▶ Entries supplied:

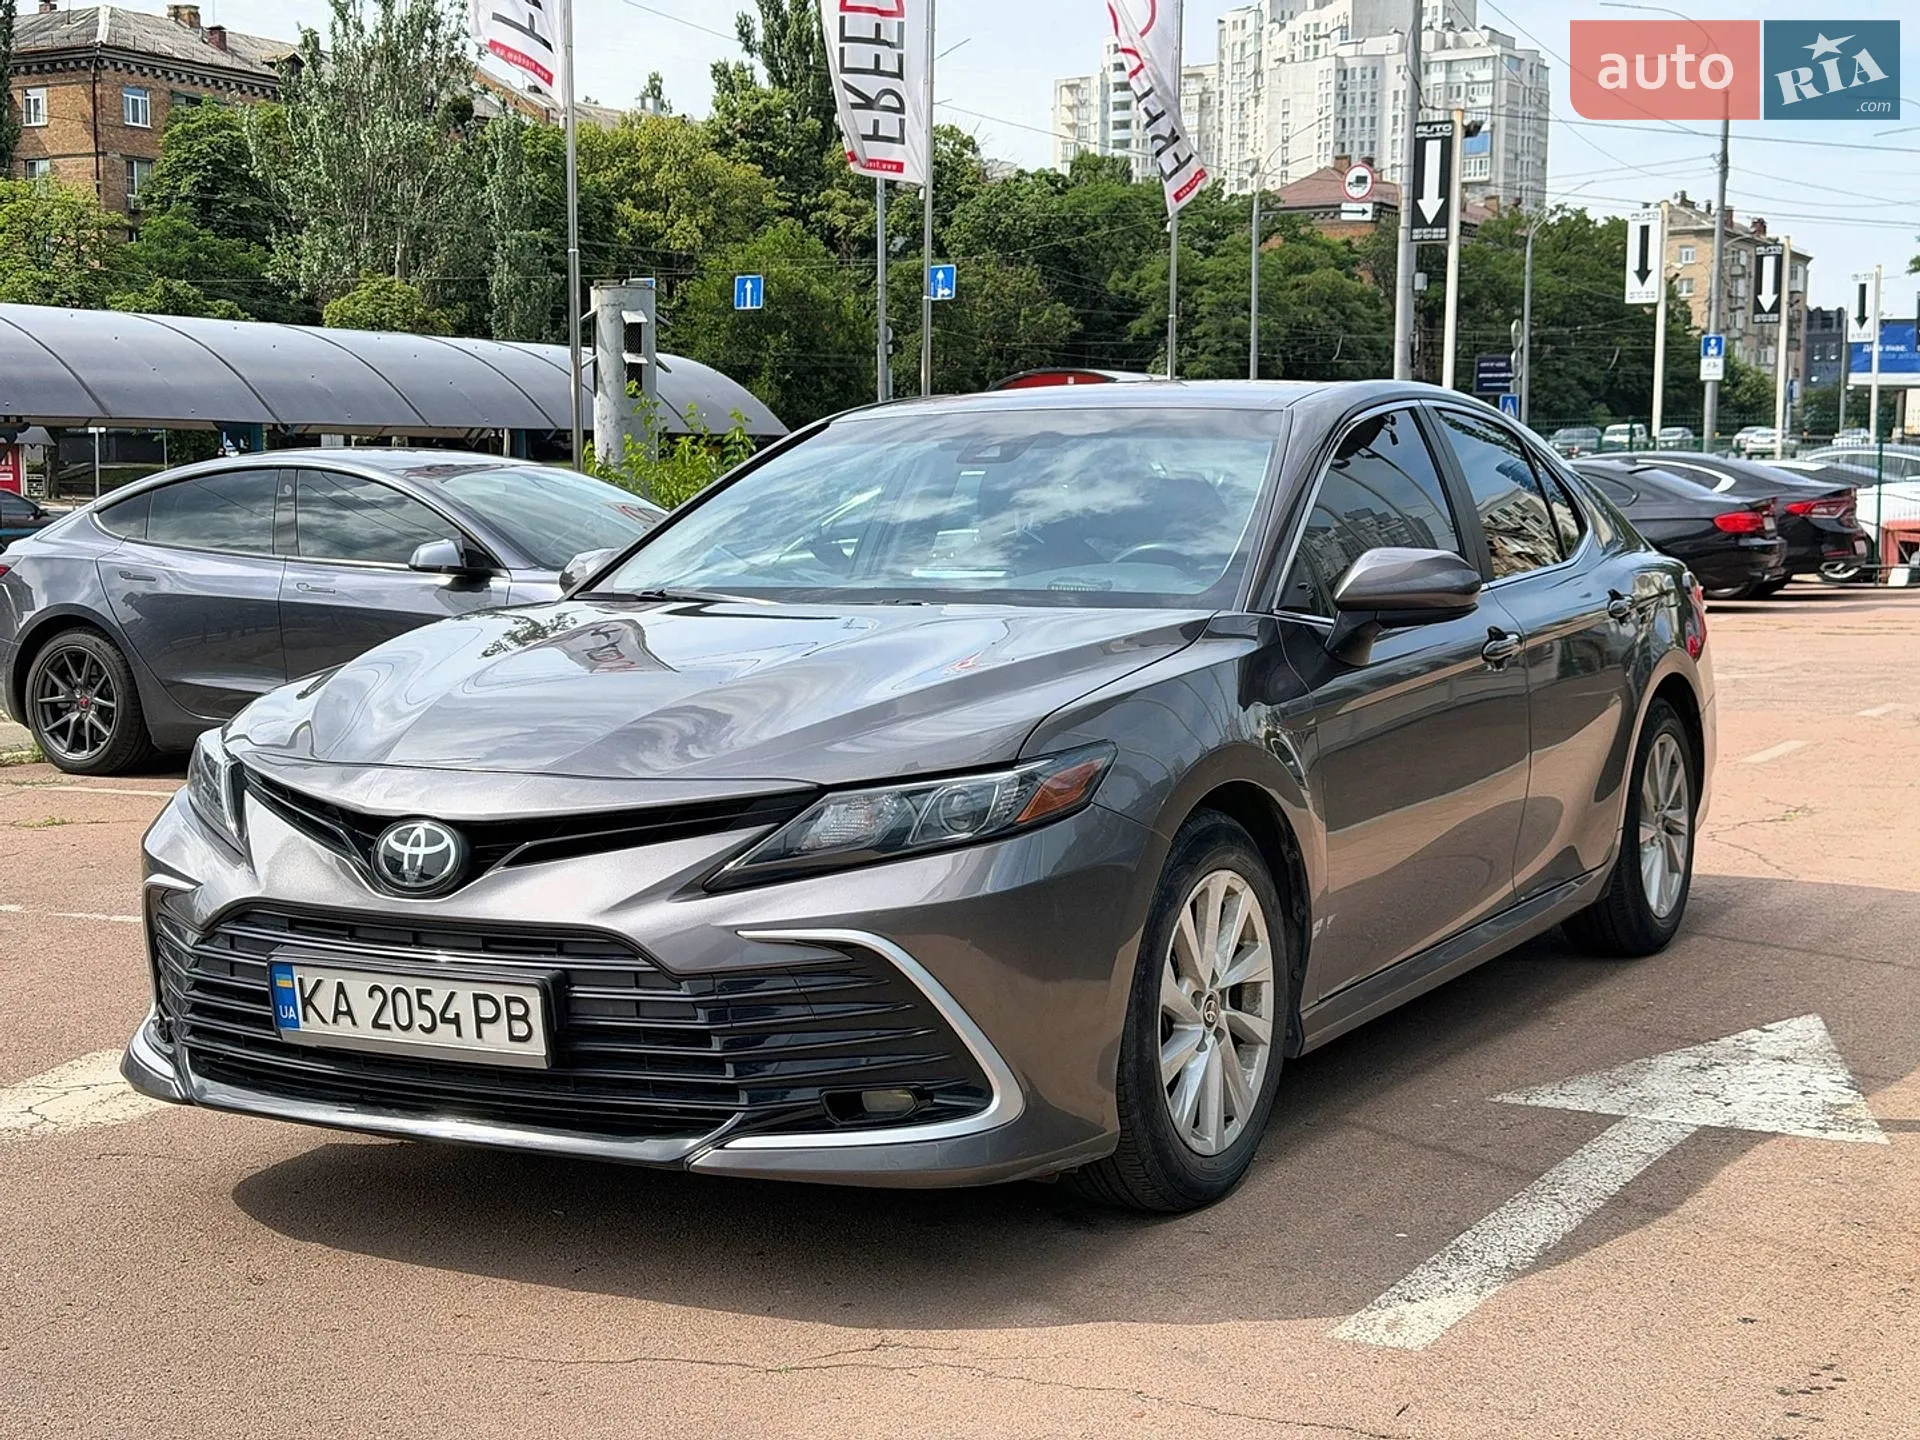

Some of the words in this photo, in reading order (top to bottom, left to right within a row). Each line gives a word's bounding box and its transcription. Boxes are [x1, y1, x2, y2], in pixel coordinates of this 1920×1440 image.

[1416, 123, 1453, 132] AUTO
[279, 1005, 298, 1021] UA
[296, 976, 358, 1028] KA
[367, 984, 463, 1038] 2054
[471, 992, 534, 1043] PB

▶ Task brief: Omitting the pictures, copy each record above exactly as it stands.

▶ Result:
Some of the words in this photo, in reading order (top to bottom, left to right within a row). Each line gives a word's bounding box and its transcription. Boxes are [x1, y1, x2, y2], in pixel coordinates of this 1920×1440 image.

[1416, 123, 1453, 132] AUTO
[279, 1005, 298, 1021] UA
[296, 976, 358, 1028] KA
[367, 984, 463, 1038] 2054
[471, 992, 534, 1043] PB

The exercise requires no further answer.